24 de marzo é o 1º de maio dos patrões argentinos. O anti-Dia dos Trabalhadores no país do Messi e do Maradona. Em 1976, amplos setores do patronato da terra do Gardel deram um golpe de Estado, junto com amplos setores das Forças Armadas e do clero. Tiraram da cadeira presidencial a María Estela Martínez, viúva do Juan Domingo Perón, também conhecida como Isabel ou Isabelita Perón, mais pelo que ela representava do que pelo que ela estava fazendo, e impuseram em seu lugar uma junta militar encabeçada pelo general Jorge Rafael Videla. No mesmo dia, o Videla fez um pronunciamento em nome dessa junta, no qual apresentou o golpe e a ditadura que estava inaugurando como Proceso de Reorganización Nacional. Uma expressão tecnocrática, que buscava esconder que se tratava de uma guerra contra a esquerda e, de modo mais amplo, contra o povo trabalhador. Uma guerra, que ficou conhecida como guerra suja, em que, de forma metódica, foram utilizadas como ferramentas o sequestro, a prisão, a tortura física e psicológica, o assassinato e o desaparecimento, entre outras violências, como o roubo de bebês de opositoras pra famílias de participantes da ditadura ou próximas. Uma guerra em que os militares argentinos sujaram suas mãos com muito sangue (cerca de 30 mil pessoas foram mortas ou desaparecidas) do próprio povo argentino pra favorecer sobretudo amplos setores das classes dominantes dos países imperialistas contra a Argentina, especialmente os Estados Unidos e a Inglaterra, mas também a França e a Alemanha, por exemplo. Mataram Juan pra favorecer John, Jean, Johann… Mataram María pra favorecer Mary, Marie, Maria… Não qualquer John, Jean, Johann… Não qualquer Mary, Marie, Maria… Os e as das classes dominantes. Executaram pra favorecer executivos. Colocaram o povo como inimigo.

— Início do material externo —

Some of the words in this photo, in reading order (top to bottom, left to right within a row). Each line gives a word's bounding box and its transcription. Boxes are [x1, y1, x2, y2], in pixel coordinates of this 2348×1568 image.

Soco inglês pra nocautear o povão

Outra arma da guerra contra o povo foi o liberalismo econômico. A própria guerra suja teve como um dos objetivos garantir a imposição do liberalismo econômico. Mas o liberalismo foi em si mesmo uma das armas. E essa arma foi especialmente embalada com o discurso tecnocrático. O cifrão é a espada a crucificar o povo. O soco inglês a nocautear cotidianamente o povo. Os óculos escuros da repressão policial-militar. A máscara do monstro.

O monstro se esconde. Mas é impossível se esconder sempre. Seja porque é descoberto, seja porque se descobre movido pelo ímpeto da violência que tenta disfarçar com o discurso tecnocrático. O disfarce faz parte do monstro. A máscara também é o monstro.

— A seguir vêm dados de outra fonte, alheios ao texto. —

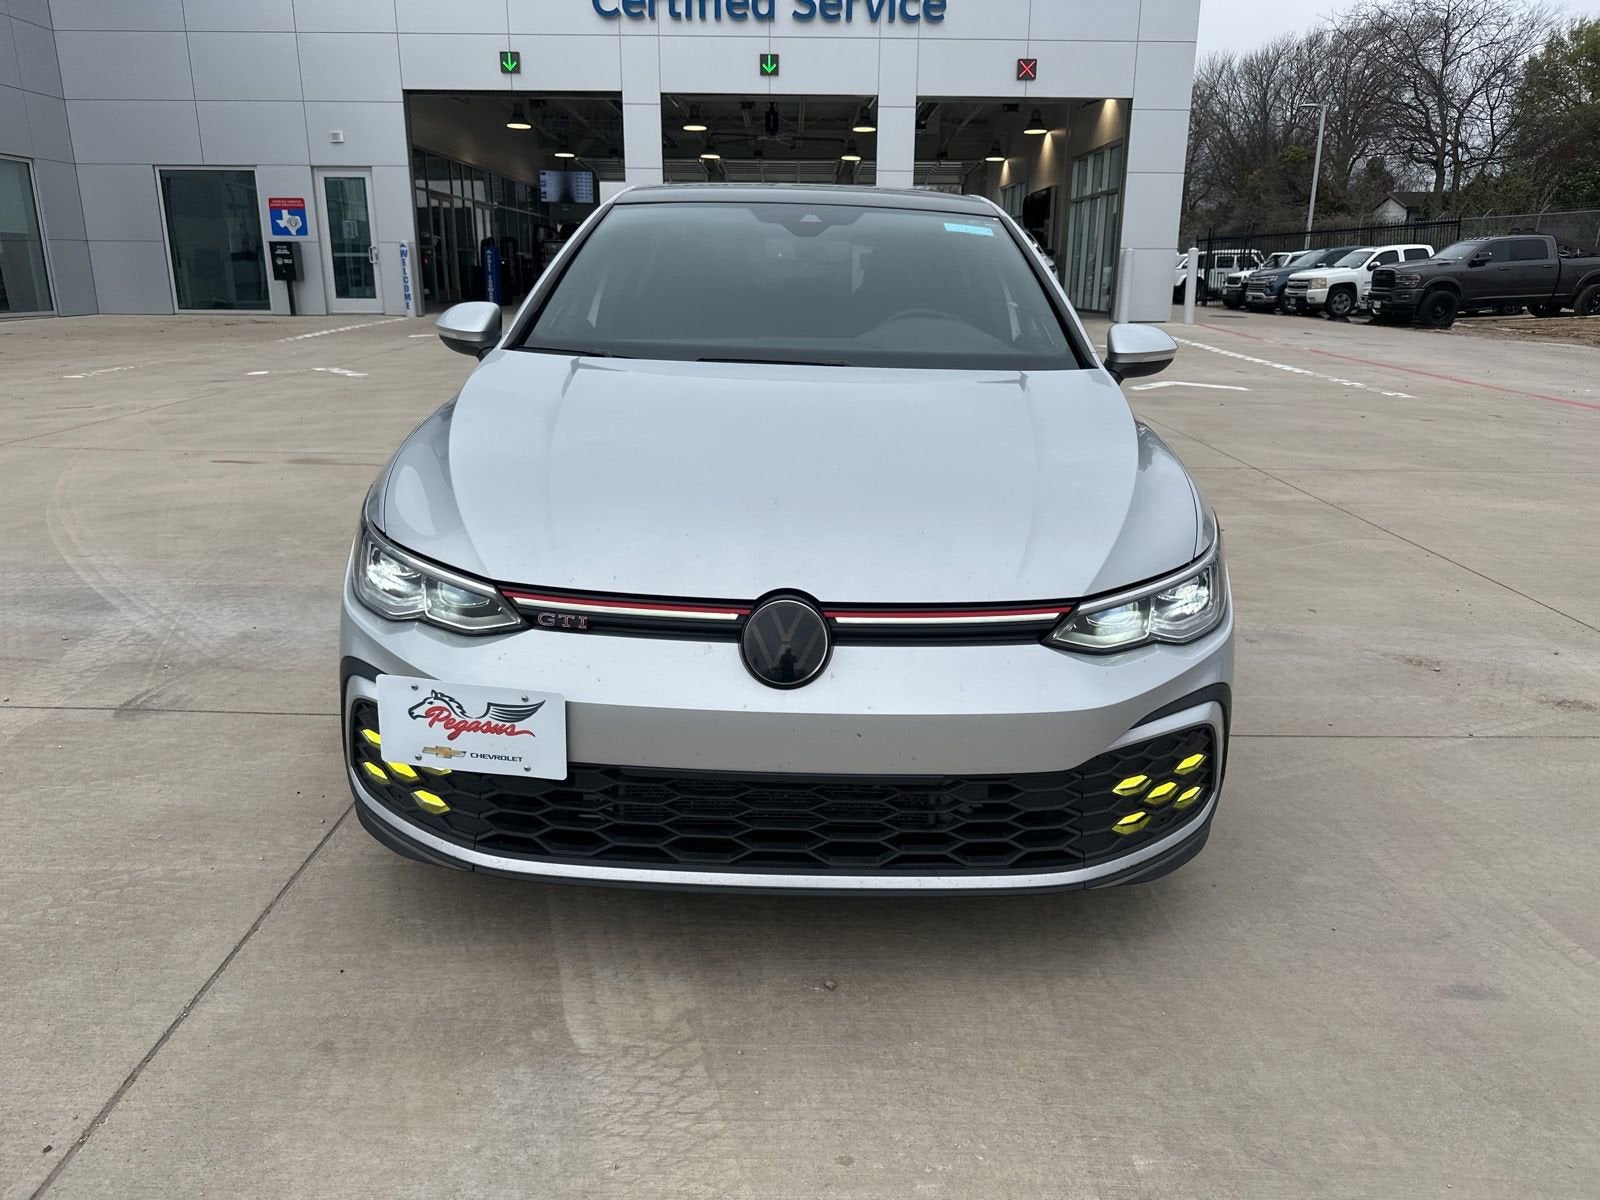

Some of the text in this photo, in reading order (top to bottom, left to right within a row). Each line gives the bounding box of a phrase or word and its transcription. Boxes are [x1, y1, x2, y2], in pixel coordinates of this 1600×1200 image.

Parte importante dos patrões argentinos e dos seus patrões estrangeiros finge hoje em dia que não tem nada a ver com o 24 de marzo. Alguns até apontam criticamente pra ponta do iceberg do monstro tratando a ponta como a totalidade. Mas o 24 de marzo continua sendo seu dia. O porão dos porões da ditadura empresarial-militar que ensanguentou o país de 1976 a 1983 (http://cienciaeautonomia.org/…/la-mano-del-pueblo-x-a…/) é the corporation. O porão dos porões era a oficina, o bureau. A oficina mecânica da Automotores Orletti, transformada em centro clandestino de tortura, era um porão; o the office da empresa era o porão do porão. O coletivo (individualista) de The office é The Corporation. Essa parte do monstro se apresenta, principalmente hoje em dia, como asséptica, como se fosse um laboratório. Técnica. Neutra. Um permanente Proceso de Reorganización (Trans)Nacional. Organogramas bem organizados, planilhas bem feitas, gráficos milimetricamente ajustados, palavras pronunciadas como números… Os próprios laboratórios (e hospitais) terem adotado essa estética, abandonando arquiteturas como pequenos “palácios” ou de salas “bagunçadas”, tem muito a ver com o triunfo da lógica tecnocrática. O horror a estilos complexos como parte do terrorismo de Estado. O golpe de Estado é um golpe de Mercado. O golpe de Estado-Mercado é um discurso em si, muito concentrado, uma arma discursiva, que busca assassinar os discursos diferentes. E o discurso tecnocrático, principalmente naturalizado, é um golpe de Estado na linguagem. Uma linguagem programada pra deletar a linguagem que sempre escapa das programações.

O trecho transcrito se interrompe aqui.